Six mana to kill something is more than black is
willing to pay. Even if this guy exiles instead
of destroys, black has never struggled to
eliminate indestructible dudes or regenerators.
That's what -X/-X is for. And on Innistrad, not
triggering morbid is a liability. So really,
it's the theft of activated abilities that makes
this interesting. And Necrotic Ooze has already
proven that you can assemble a game-winning
combo if you can cherry pick activate abilities
from other creatures. But the Ooze just needed
dead creatures; the Impostor actually needs you
to pay 6 per creature whose ability you want to
copy. That means you can't just kill and mill
until the combo is assembled in the yard, then
drop the would-be thief. You have to play Dark
Impostor and then start paying 6 for each
creature. Your opponent therefore will see what
you're about long before you pull it off, and
will have plenty of time to find a kill spell.
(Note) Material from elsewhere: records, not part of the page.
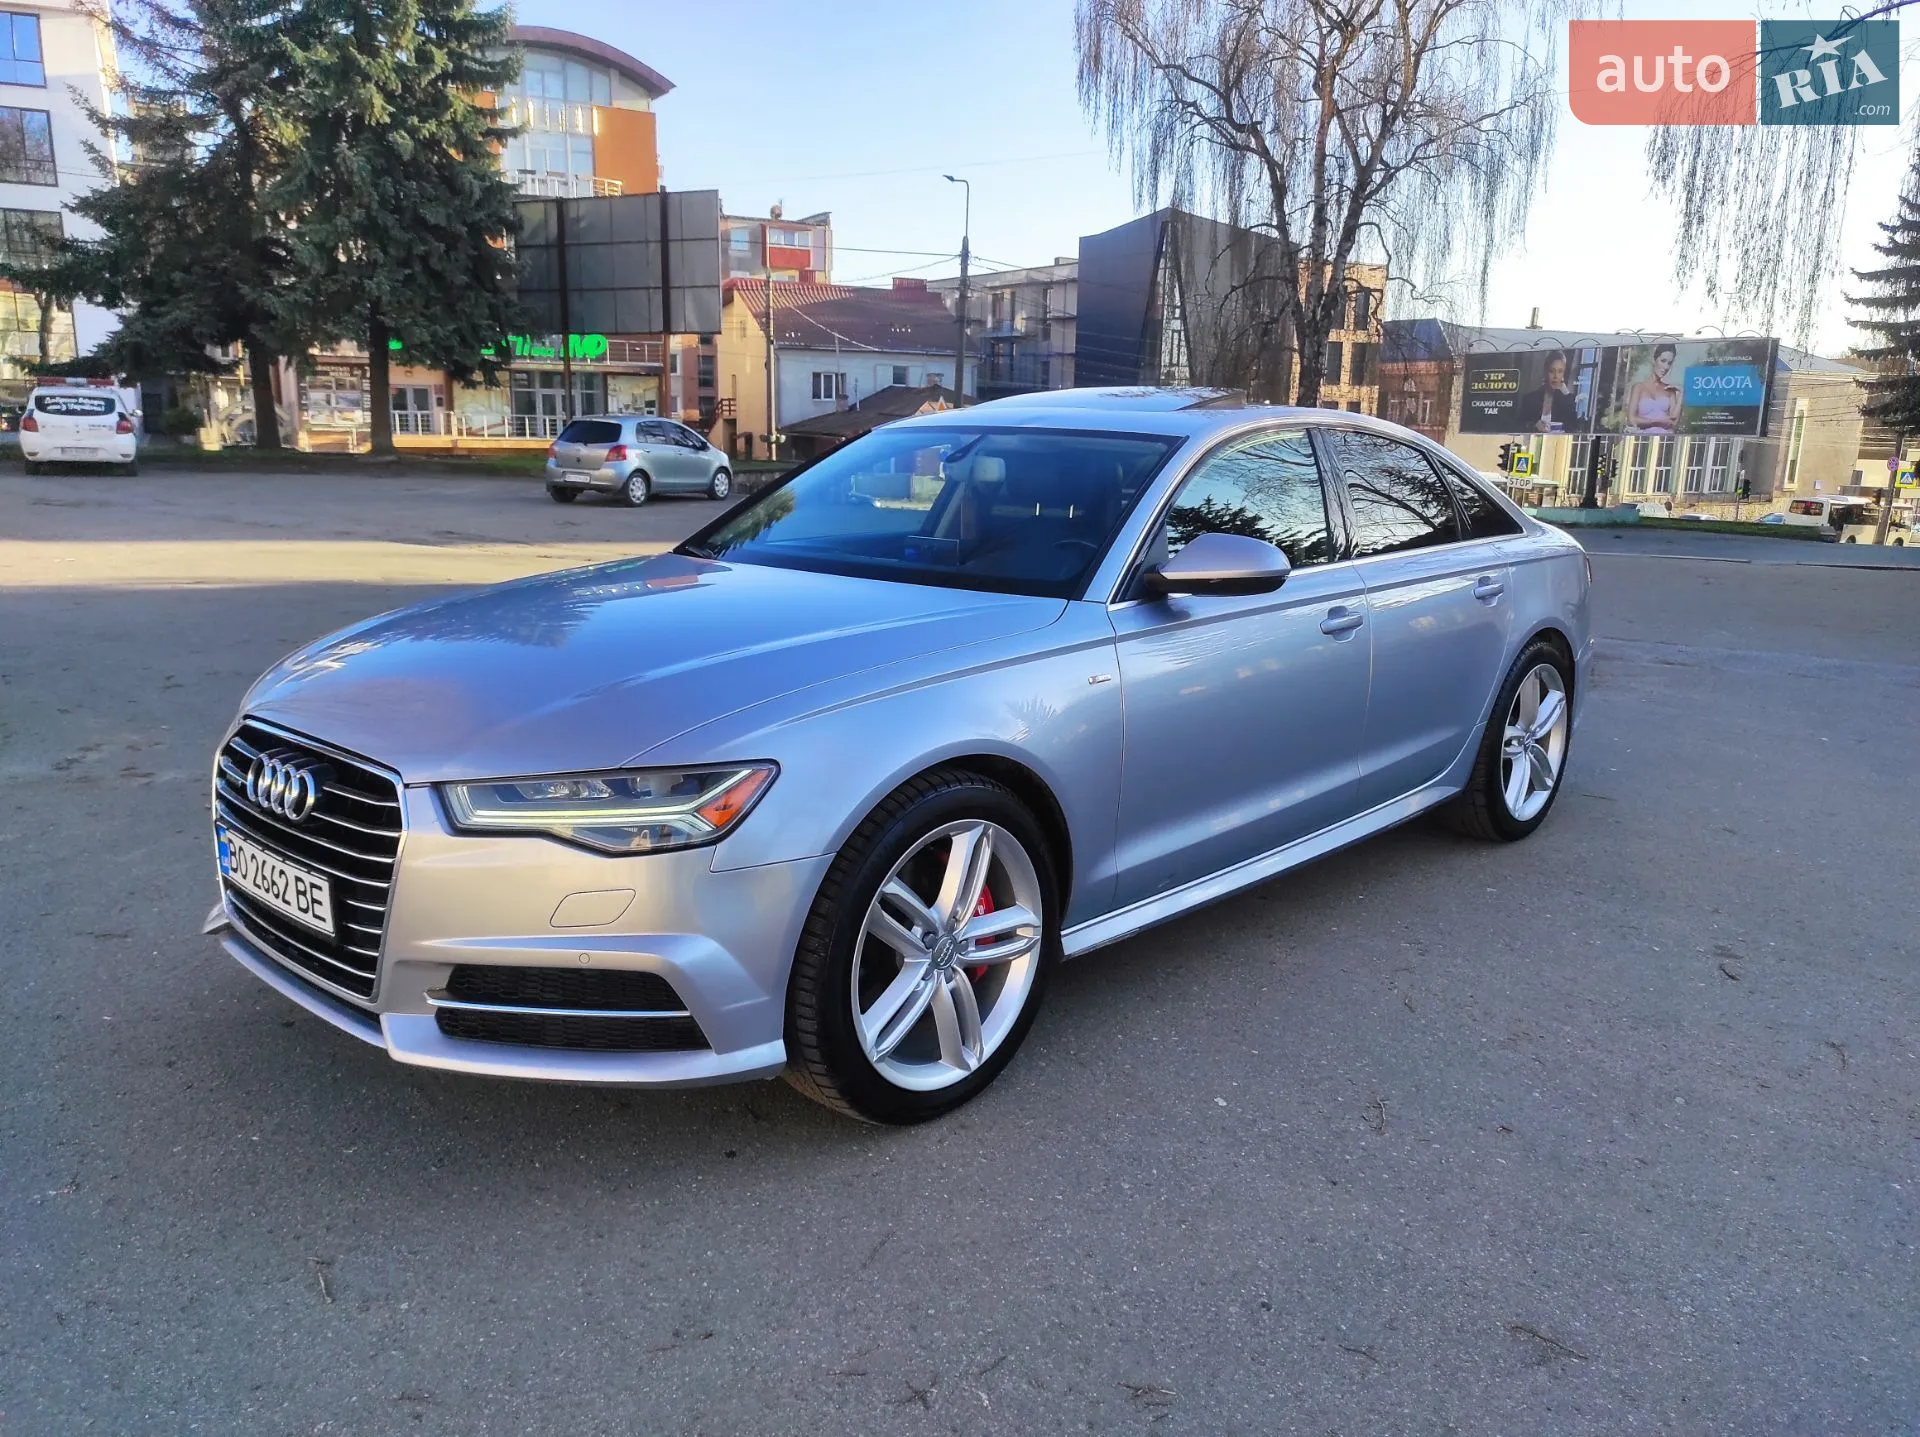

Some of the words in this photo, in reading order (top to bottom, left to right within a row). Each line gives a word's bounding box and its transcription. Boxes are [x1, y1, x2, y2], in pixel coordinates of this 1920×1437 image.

[1483, 373, 1505, 381] УКР
[1471, 381, 1517, 390] ЗОЛОТО
[1692, 375, 1753, 389] ЗОЛОТА
[1483, 407, 1499, 415] ТАК
[1509, 478, 1531, 487] STOP
[250, 852, 292, 907] 2662
[294, 875, 327, 923] BE
For nine mana, it's a kill spell that gets
around indestructible and zombify effects plus a
3/3 vampire that may or may not have a cool
ability to go with the repeatable Brittle Effigy
effect. But for that kind of mana, there's so
much better things you could do.
The "monster with my face" horror trope has made
it into things as diverse as Magic, Bayonetta,
and Batman (that's what Hush does); this, I'm
sure, says something about our society and our
fear of being replaced or displaced. Dark
Impostor, though is a rather unique take on it,
if only because it requires a lot more
investment of mana and has a lot more memory
issues than even your standard Clone or such. I
guess if you consider that the Impostor can
become an Archivist or a Prodigal Pyromancer, or
some kind of ungodly mashup between those
two plus Birds of Paradise that can untap itself
when you enchant it with Freed from the Real, it
kind of figures that they would have costed it
like they did. Don't get so enamored of the
combo potential, though, that you overlook the
little fact that there are no restrictions on
what the exile ability can target or how many
times it can be used as long as the Impostor
remains in play. Sometimes, repeatable
near-unconditional removal is just repeatable
near-unconditional removal.
Today's card of the day is Dark Impostor which
is a three mana 2/2 Black that for six mana can
exile target creature to gain a +1/+1 counter
and all of the activated abilities of creatures
exiled by the effect. A reusable exile
effect in Black is a nice tool, but the cost of
six leaves this for the later stages of the game
and not as flexible as simple removal.
Overall this is a bit too slow for Constructed
formats and probably won't see serious play even
though the effect itself is quite impressive.
For Limited this is a very powerful card that
can eliminate most threats and become an
offensive or defensive leader at the same time.
Reusable removal is huge in the format and six
mana with only two Black is not unreasonable at
all. An easy first pick in Booster and
readily played in multicolor Sealed decks with
the low color specific requirements.